→ Task requirements
Please copy the records below word for word, leaving out the pictures.
== Segment start ==
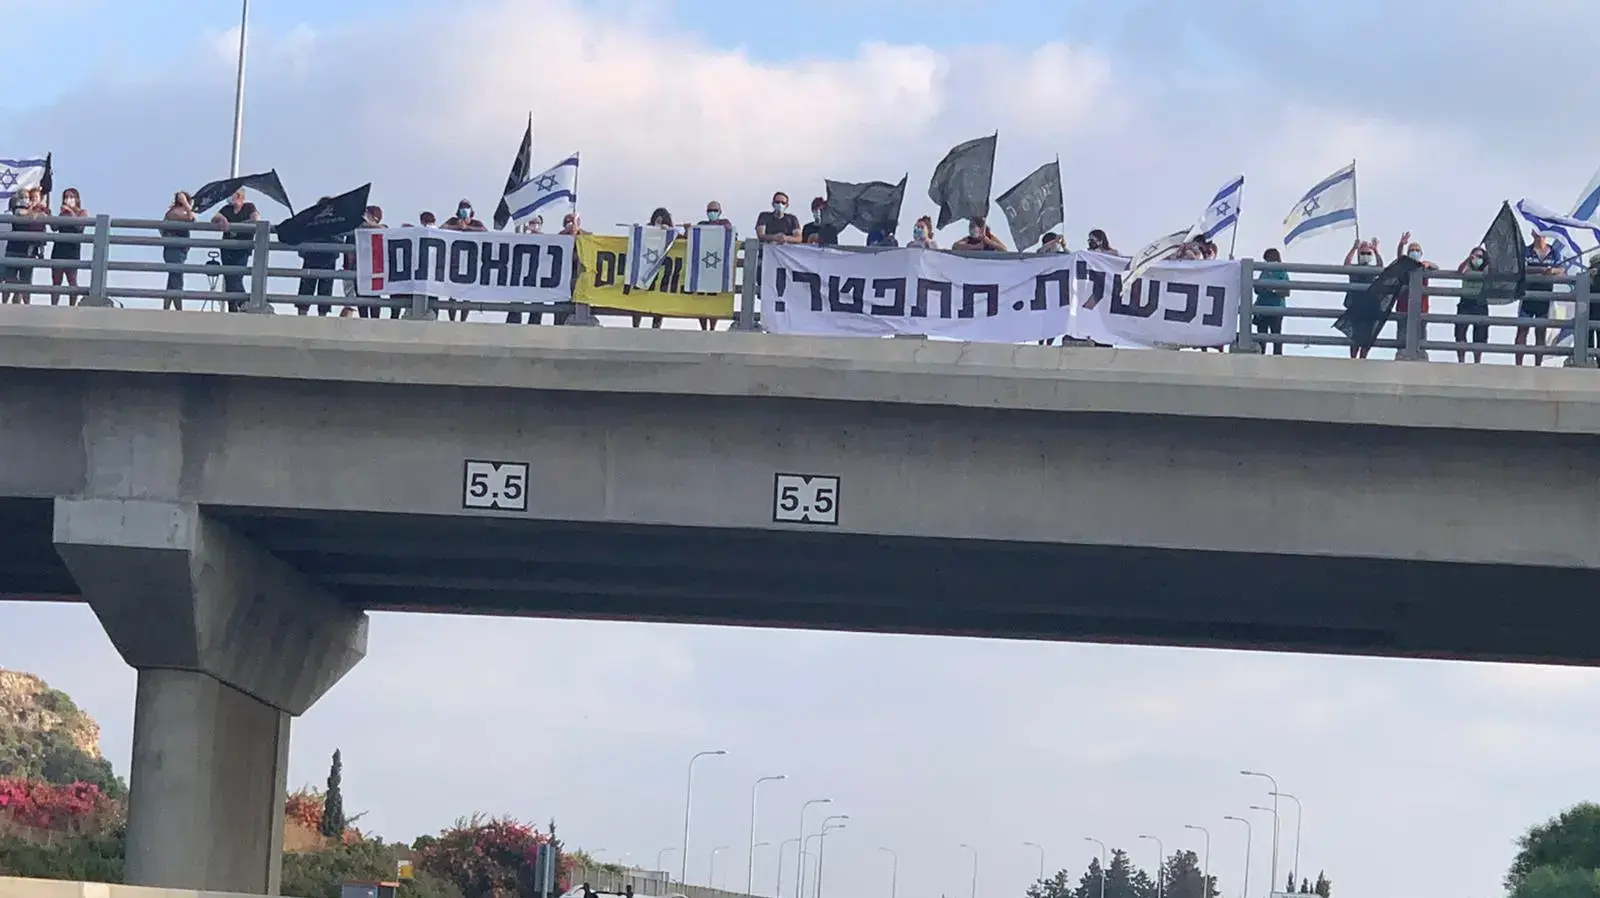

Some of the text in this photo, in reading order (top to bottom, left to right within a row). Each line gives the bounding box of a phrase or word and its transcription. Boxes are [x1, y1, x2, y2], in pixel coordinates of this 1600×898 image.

[370, 234, 564, 290] נמאסתם!
[774, 260, 1226, 327] נכשלת. תתפטר!
[470, 473, 523, 500] 5.5
[780, 486, 834, 513] 5.5
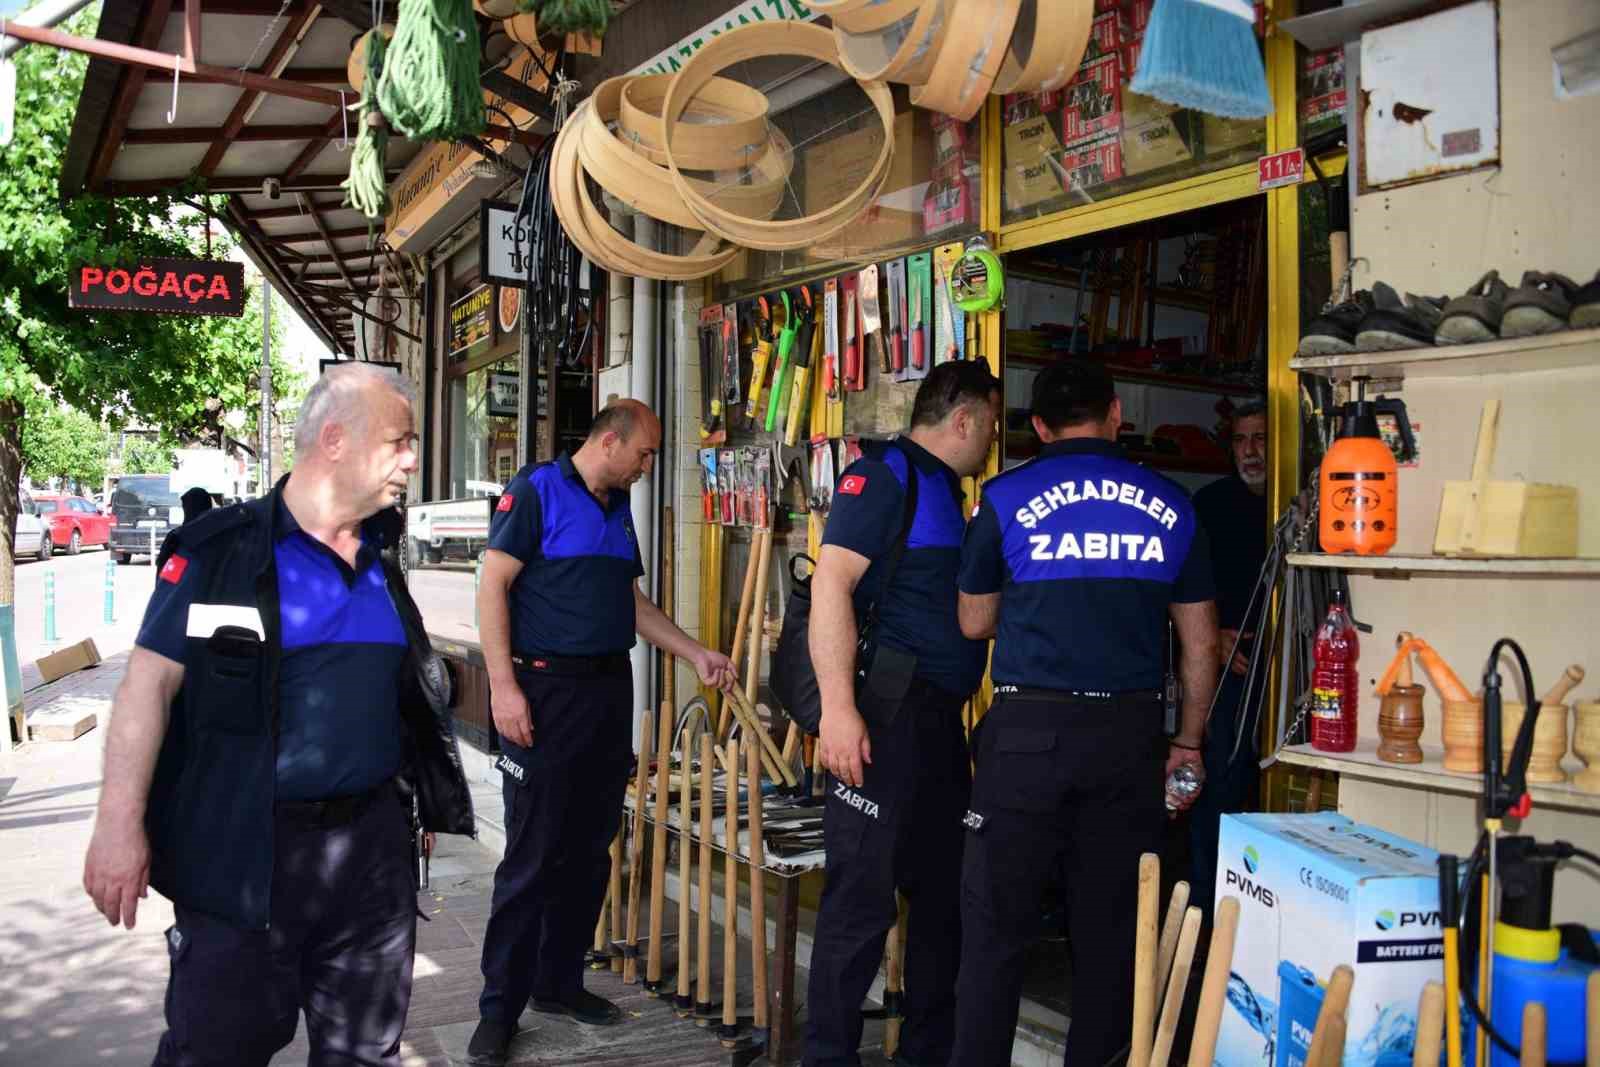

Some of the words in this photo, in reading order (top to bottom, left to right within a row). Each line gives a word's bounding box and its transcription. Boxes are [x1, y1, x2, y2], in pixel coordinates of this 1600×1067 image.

[80, 265, 231, 304] POĞAÇA
[1016, 479, 1178, 530] ŞEHZADELER
[1028, 532, 1165, 562] ZABITA
[499, 755, 525, 781] ZABITA
[834, 782, 881, 819] ZABITA
[1226, 869, 1274, 908] PVMS
[1375, 944, 1427, 959] BATTERY
== Segment end ==
→ Written answer
Some of the text in this photo, in reading order (top to bottom, left to right within a row). Each line gives the bounding box of a phrase or word and its transcription. Boxes are [x1, y1, x2, y2], in pixel coordinates of this 1600×898 image.

[370, 234, 564, 290] נמאסתם!
[774, 260, 1226, 327] נכשלת. תתפטר!
[470, 473, 523, 500] 5.5
[780, 486, 834, 513] 5.5

Some of the words in this photo, in reading order (top to bottom, left to right within a row). Each line gives a word's bounding box and its transcription. Boxes are [x1, y1, x2, y2], in pixel coordinates of this 1600×1067 image.

[80, 265, 231, 304] POĞAÇA
[1016, 479, 1178, 530] ŞEHZADELER
[1028, 532, 1165, 562] ZABITA
[499, 755, 525, 781] ZABITA
[834, 782, 881, 819] ZABITA
[1226, 869, 1274, 908] PVMS
[1375, 944, 1427, 959] BATTERY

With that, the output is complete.